## Task item
Keep the pictures out of the copy and repeat the records exactly.

^^^^^^^^^^^^^^^^

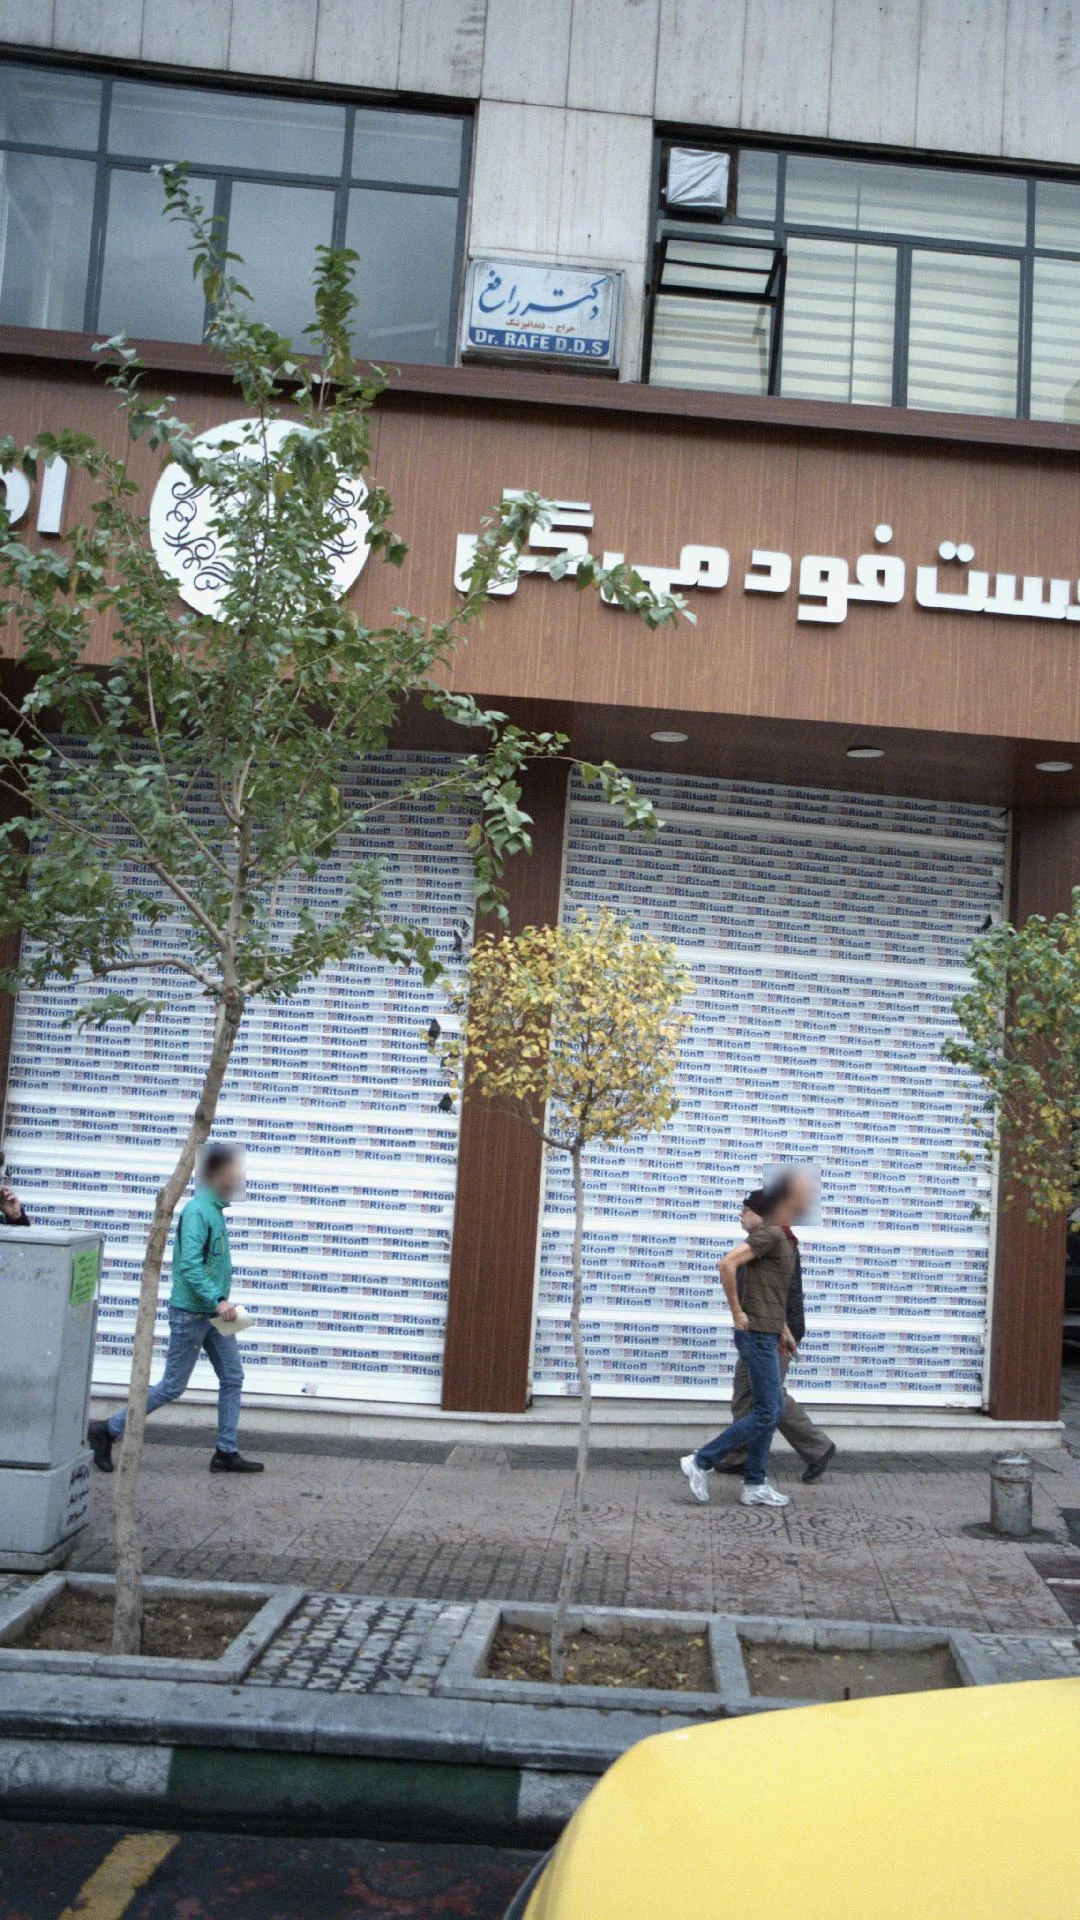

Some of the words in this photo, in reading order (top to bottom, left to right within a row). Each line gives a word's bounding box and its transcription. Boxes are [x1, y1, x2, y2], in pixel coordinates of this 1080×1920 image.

[475, 329, 498, 345] Dr.
[504, 332, 549, 350] RAFE
[744, 524, 905, 623] فود
[914, 540, 1080, 621] ست
[415, 754, 444, 764] Riton
[370, 764, 398, 775] Riton
[680, 803, 707, 813] Riton
[738, 796, 766, 806] Riton
[794, 803, 820, 812] Riton
[848, 808, 875, 818] Riton
[902, 814, 929, 823] Riton
[408, 815, 437, 824] Riton
[414, 828, 442, 838] Riton
[589, 830, 617, 840] Riton
[358, 837, 386, 848] Riton
[417, 840, 445, 851] Riton
[684, 851, 712, 861] Riton
[423, 866, 452, 876] Riton
[131, 877, 159, 886] Riton
[306, 886, 336, 896] Riton
[570, 865, 598, 875] Riton
[851, 892, 877, 902] Riton
[958, 900, 984, 910] Riton
[617, 882, 645, 892] Riton
[731, 893, 757, 903] Riton
[841, 903, 867, 912] Riton
[699, 902, 725, 912] Riton
[756, 907, 782, 917] Riton
[920, 921, 946, 931] Riton
[671, 925, 698, 934] Riton
[152, 940, 181, 950] Riton
[939, 935, 966, 945] Riton
[783, 946, 809, 956] Riton
[348, 964, 378, 974] Riton
[160, 979, 190, 988] Riton
[334, 976, 364, 985] Riton
[394, 979, 422, 988] Riton
[784, 970, 810, 980] Riton
[839, 975, 865, 985] Riton
[894, 979, 920, 989] Riton
[704, 976, 730, 986] Riton
[816, 985, 842, 995] Riton
[925, 993, 951, 1002] Riton
[397, 991, 427, 1001] Riton
[719, 990, 746, 1000] Riton
[776, 994, 802, 1004] Riton
[392, 1004, 422, 1013] Riton
[704, 1001, 731, 1011] Riton
[816, 1009, 842, 1019] Riton
[272, 1022, 302, 1032] Riton
[35, 1033, 65, 1042] Riton
[95, 1036, 122, 1045] Riton
[773, 1043, 799, 1053] Riton
[901, 1040, 928, 1050] Riton
[35, 1045, 64, 1054] Riton
[94, 1048, 123, 1058] Riton
[152, 1052, 182, 1062] Riton
[271, 1047, 301, 1056] Riton
[390, 1054, 420, 1064] Riton
[271, 1059, 301, 1069] Riton
[838, 1060, 865, 1070] Riton
[64, 1059, 93, 1068] Riton
[242, 1069, 272, 1079] Riton
[301, 1073, 331, 1083] Riton
[675, 1061, 703, 1071] Riton
[789, 1068, 815, 1078] Riton
[899, 1076, 925, 1086] Riton
[801, 1082, 827, 1092] Riton
[911, 1088, 937, 1098] Riton
[249, 1095, 279, 1105] Riton
[369, 1102, 399, 1112] Riton
[919, 1102, 945, 1111] Riton
[79, 1109, 108, 1119] Riton
[138, 1112, 168, 1122] Riton
[81, 1121, 111, 1131] Riton
[256, 1120, 286, 1129] Riton
[316, 1123, 346, 1133] Riton
[376, 1126, 406, 1136] Riton
[694, 1112, 721, 1122] Riton
[862, 1122, 889, 1132] Riton
[917, 1125, 943, 1135] Riton
[124, 1136, 154, 1146] Riton
[259, 1132, 289, 1142] Riton
[319, 1136, 349, 1145] Riton
[809, 1131, 836, 1141] Riton
[785, 1142, 811, 1152] Riton
[666, 1148, 693, 1158] Riton
[590, 1156, 617, 1166] Riton
[123, 1173, 153, 1183] Riton
[71, 1182, 101, 1192] Riton
[362, 1187, 391, 1197] Riton
[629, 1184, 657, 1193] Riton
[687, 1187, 715, 1196] Riton
[822, 1181, 849, 1191] Riton
[932, 1187, 958, 1197] Riton
[249, 1193, 279, 1203] Riton
[369, 1201, 399, 1211] Riton
[665, 1198, 692, 1208] Riton
[856, 1195, 882, 1205] Riton
[78, 1208, 107, 1217] Riton
[603, 1208, 631, 1217] Riton
[661, 1211, 689, 1220] Riton
[34, 1217, 64, 1227] Riton
[93, 1221, 123, 1231] Riton
[256, 1219, 286, 1229] Riton
[316, 1222, 346, 1232] Riton
[831, 1218, 857, 1229] Riton
[939, 1224, 966, 1234] Riton
[272, 1232, 301, 1242] Riton
[392, 1239, 422, 1249] Riton
[583, 1232, 610, 1242] Riton
[921, 1247, 947, 1257] Riton
[112, 1260, 142, 1269] Riton
[808, 1255, 835, 1265] Riton
[629, 1260, 657, 1269] Riton
[687, 1262, 715, 1272] Riton
[351, 1275, 380, 1285] Riton
[910, 1271, 936, 1281] Riton
[251, 1281, 281, 1291] Riton
[371, 1288, 401, 1298] Riton
[824, 1280, 850, 1290] Riton
[102, 1296, 132, 1306] Riton
[615, 1297, 643, 1306] Riton
[674, 1300, 701, 1309] Riton
[848, 1293, 874, 1303] Riton
[282, 1308, 311, 1318] Riton
[951, 1309, 977, 1318] Riton
[266, 1320, 296, 1329] Riton
[387, 1327, 417, 1337] Riton
[101, 1334, 131, 1344] Riton
[623, 1336, 652, 1345] Riton
[907, 1332, 933, 1342] Riton
[281, 1345, 311, 1355] Riton
[402, 1353, 432, 1362] Riton
[632, 1349, 660, 1358] Riton
[691, 1351, 719, 1360] Riton
[291, 1359, 320, 1368] Riton
[806, 1354, 832, 1364] Riton
[861, 1355, 888, 1366] Riton
[623, 1374, 653, 1384] Riton
[797, 1378, 823, 1389] Riton
[853, 1380, 879, 1390] Riton
[908, 1382, 934, 1392] Riton

^^^^^^^^^^^^^^^^

## Task response
Some of the words in this photo, in reading order (top to bottom, left to right within a row). Each line gives a word's bounding box and its transcription. Boxes are [x1, y1, x2, y2], in pixel coordinates of this 1080×1920 image.

[475, 329, 498, 345] Dr.
[504, 332, 549, 350] RAFE
[744, 524, 905, 623] فود
[914, 540, 1080, 621] ست
[415, 754, 444, 764] Riton
[370, 764, 398, 775] Riton
[680, 803, 707, 813] Riton
[738, 796, 766, 806] Riton
[794, 803, 820, 812] Riton
[848, 808, 875, 818] Riton
[902, 814, 929, 823] Riton
[408, 815, 437, 824] Riton
[414, 828, 442, 838] Riton
[589, 830, 617, 840] Riton
[358, 837, 386, 848] Riton
[417, 840, 445, 851] Riton
[684, 851, 712, 861] Riton
[423, 866, 452, 876] Riton
[131, 877, 159, 886] Riton
[306, 886, 336, 896] Riton
[570, 865, 598, 875] Riton
[851, 892, 877, 902] Riton
[958, 900, 984, 910] Riton
[617, 882, 645, 892] Riton
[731, 893, 757, 903] Riton
[841, 903, 867, 912] Riton
[699, 902, 725, 912] Riton
[756, 907, 782, 917] Riton
[920, 921, 946, 931] Riton
[671, 925, 698, 934] Riton
[152, 940, 181, 950] Riton
[939, 935, 966, 945] Riton
[783, 946, 809, 956] Riton
[348, 964, 378, 974] Riton
[160, 979, 190, 988] Riton
[334, 976, 364, 985] Riton
[394, 979, 422, 988] Riton
[784, 970, 810, 980] Riton
[839, 975, 865, 985] Riton
[894, 979, 920, 989] Riton
[704, 976, 730, 986] Riton
[816, 985, 842, 995] Riton
[925, 993, 951, 1002] Riton
[397, 991, 427, 1001] Riton
[719, 990, 746, 1000] Riton
[776, 994, 802, 1004] Riton
[392, 1004, 422, 1013] Riton
[704, 1001, 731, 1011] Riton
[816, 1009, 842, 1019] Riton
[272, 1022, 302, 1032] Riton
[35, 1033, 65, 1042] Riton
[95, 1036, 122, 1045] Riton
[773, 1043, 799, 1053] Riton
[901, 1040, 928, 1050] Riton
[35, 1045, 64, 1054] Riton
[94, 1048, 123, 1058] Riton
[152, 1052, 182, 1062] Riton
[271, 1047, 301, 1056] Riton
[390, 1054, 420, 1064] Riton
[271, 1059, 301, 1069] Riton
[838, 1060, 865, 1070] Riton
[64, 1059, 93, 1068] Riton
[242, 1069, 272, 1079] Riton
[301, 1073, 331, 1083] Riton
[675, 1061, 703, 1071] Riton
[789, 1068, 815, 1078] Riton
[899, 1076, 925, 1086] Riton
[801, 1082, 827, 1092] Riton
[911, 1088, 937, 1098] Riton
[249, 1095, 279, 1105] Riton
[369, 1102, 399, 1112] Riton
[919, 1102, 945, 1111] Riton
[79, 1109, 108, 1119] Riton
[138, 1112, 168, 1122] Riton
[81, 1121, 111, 1131] Riton
[256, 1120, 286, 1129] Riton
[316, 1123, 346, 1133] Riton
[376, 1126, 406, 1136] Riton
[694, 1112, 721, 1122] Riton
[862, 1122, 889, 1132] Riton
[917, 1125, 943, 1135] Riton
[124, 1136, 154, 1146] Riton
[259, 1132, 289, 1142] Riton
[319, 1136, 349, 1145] Riton
[809, 1131, 836, 1141] Riton
[785, 1142, 811, 1152] Riton
[666, 1148, 693, 1158] Riton
[590, 1156, 617, 1166] Riton
[123, 1173, 153, 1183] Riton
[71, 1182, 101, 1192] Riton
[362, 1187, 391, 1197] Riton
[629, 1184, 657, 1193] Riton
[687, 1187, 715, 1196] Riton
[822, 1181, 849, 1191] Riton
[932, 1187, 958, 1197] Riton
[249, 1193, 279, 1203] Riton
[369, 1201, 399, 1211] Riton
[665, 1198, 692, 1208] Riton
[856, 1195, 882, 1205] Riton
[78, 1208, 107, 1217] Riton
[603, 1208, 631, 1217] Riton
[661, 1211, 689, 1220] Riton
[34, 1217, 64, 1227] Riton
[93, 1221, 123, 1231] Riton
[256, 1219, 286, 1229] Riton
[316, 1222, 346, 1232] Riton
[831, 1218, 857, 1229] Riton
[939, 1224, 966, 1234] Riton
[272, 1232, 301, 1242] Riton
[392, 1239, 422, 1249] Riton
[583, 1232, 610, 1242] Riton
[921, 1247, 947, 1257] Riton
[112, 1260, 142, 1269] Riton
[808, 1255, 835, 1265] Riton
[629, 1260, 657, 1269] Riton
[687, 1262, 715, 1272] Riton
[351, 1275, 380, 1285] Riton
[910, 1271, 936, 1281] Riton
[251, 1281, 281, 1291] Riton
[371, 1288, 401, 1298] Riton
[824, 1280, 850, 1290] Riton
[102, 1296, 132, 1306] Riton
[615, 1297, 643, 1306] Riton
[674, 1300, 701, 1309] Riton
[848, 1293, 874, 1303] Riton
[282, 1308, 311, 1318] Riton
[951, 1309, 977, 1318] Riton
[266, 1320, 296, 1329] Riton
[387, 1327, 417, 1337] Riton
[101, 1334, 131, 1344] Riton
[623, 1336, 652, 1345] Riton
[907, 1332, 933, 1342] Riton
[281, 1345, 311, 1355] Riton
[402, 1353, 432, 1362] Riton
[632, 1349, 660, 1358] Riton
[691, 1351, 719, 1360] Riton
[291, 1359, 320, 1368] Riton
[806, 1354, 832, 1364] Riton
[861, 1355, 888, 1366] Riton
[623, 1374, 653, 1384] Riton
[797, 1378, 823, 1389] Riton
[853, 1380, 879, 1390] Riton
[908, 1382, 934, 1392] Riton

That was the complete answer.